[Dataset entries]

--*--

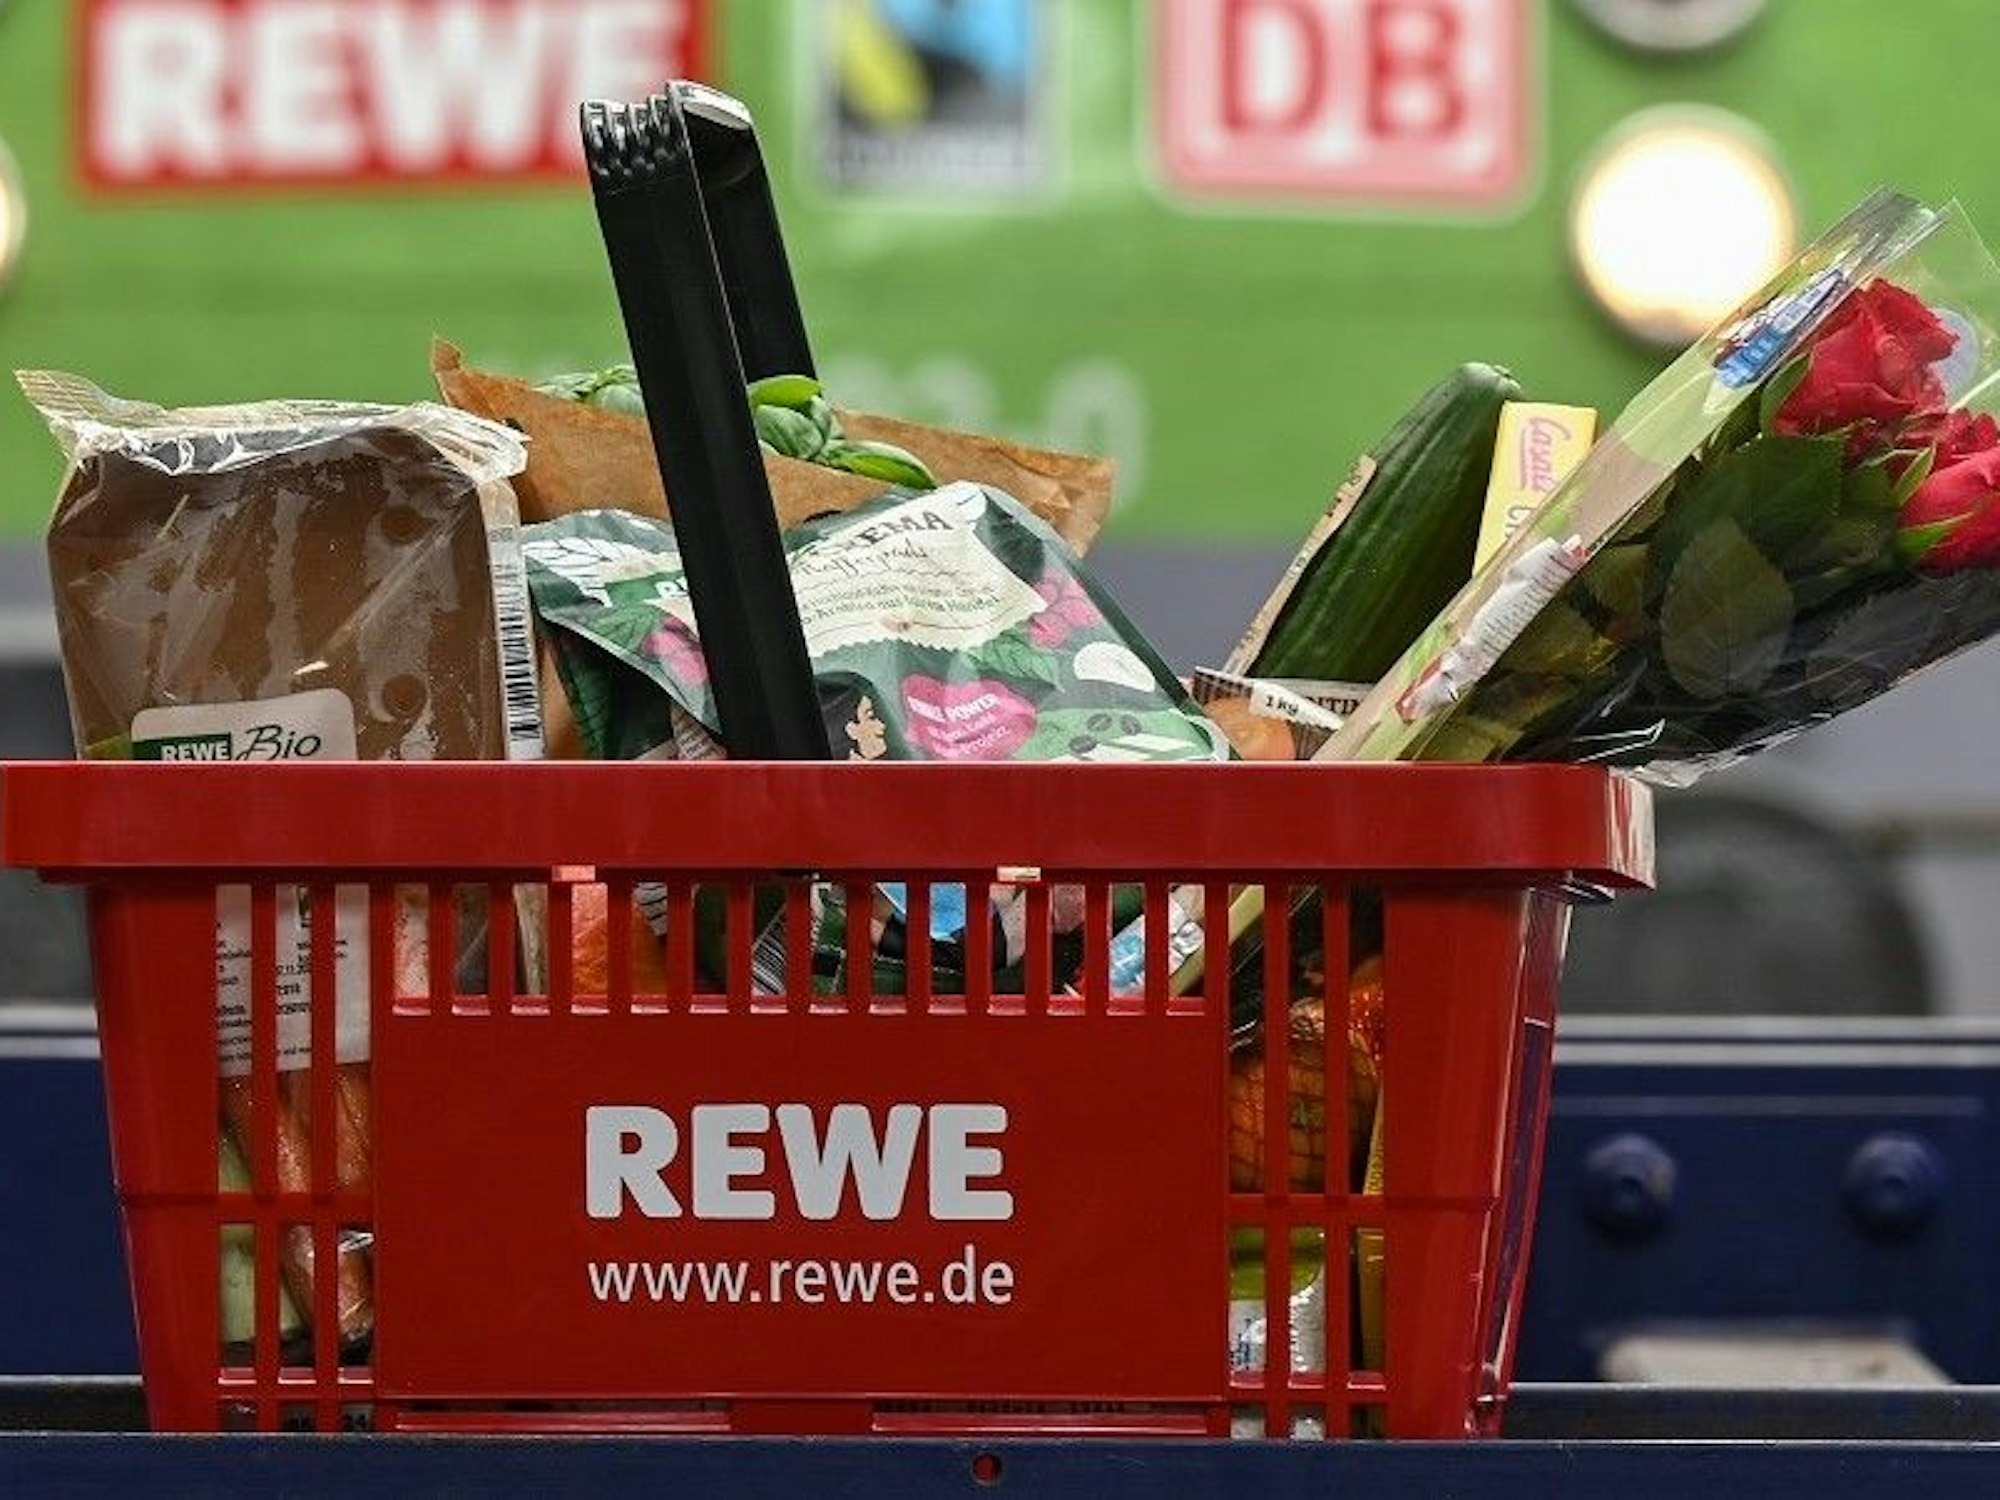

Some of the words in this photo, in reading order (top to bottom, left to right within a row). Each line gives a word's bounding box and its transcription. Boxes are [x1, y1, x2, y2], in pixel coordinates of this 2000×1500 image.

[98, 0, 690, 178] REWE
[1220, 0, 1468, 140] DB
[160, 740, 231, 760] REWE
[235, 724, 322, 760] Bio
[585, 1103, 1015, 1220] REWE
[587, 1243, 1015, 1304] www.rewe.de
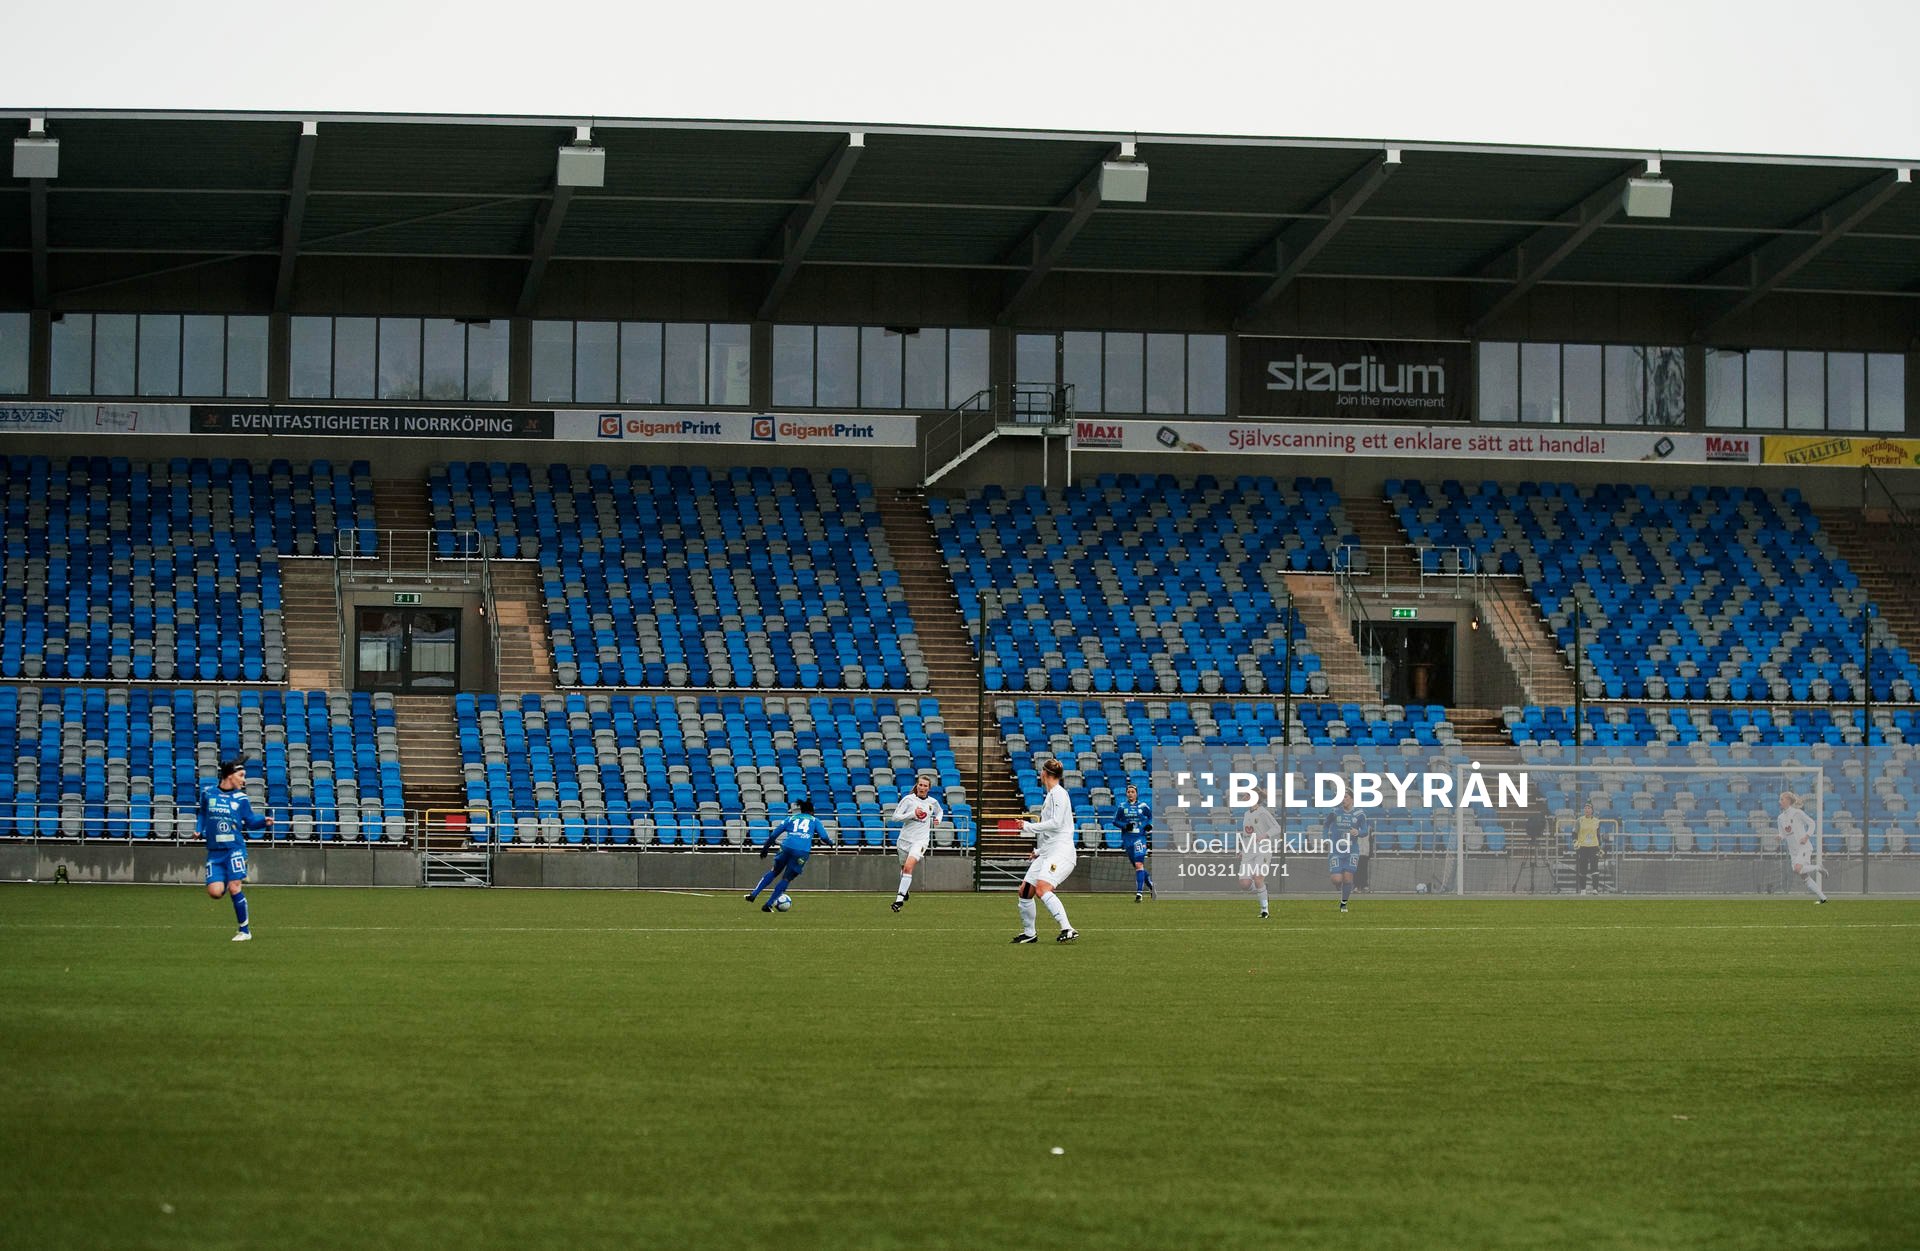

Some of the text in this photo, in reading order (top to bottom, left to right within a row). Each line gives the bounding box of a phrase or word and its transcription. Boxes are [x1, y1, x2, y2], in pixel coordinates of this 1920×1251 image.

--*--

▸ EXERCISE DESCRIPTION: No pictures go in the copy. Set down all the data exactly.

▸ TASK SOLUTION:
Some of the words in this photo, in reading order (top to bottom, left to right within a row). Each line gives a word's bounding box and its transcription. Boxes are [x1, y1, x2, y2], in pixel coordinates of this 2000×1500 image.

[98, 0, 690, 178] REWE
[1220, 0, 1468, 140] DB
[160, 740, 231, 760] REWE
[235, 724, 322, 760] Bio
[585, 1103, 1015, 1220] REWE
[587, 1243, 1015, 1304] www.rewe.de

Some of the text in this photo, in reading order (top to bottom, left to right within a row). Each line gives the bounding box of a phrase or word and its transcription. Boxes are [x1, y1, x2, y2], in pixel coordinates of this 1920×1251 image.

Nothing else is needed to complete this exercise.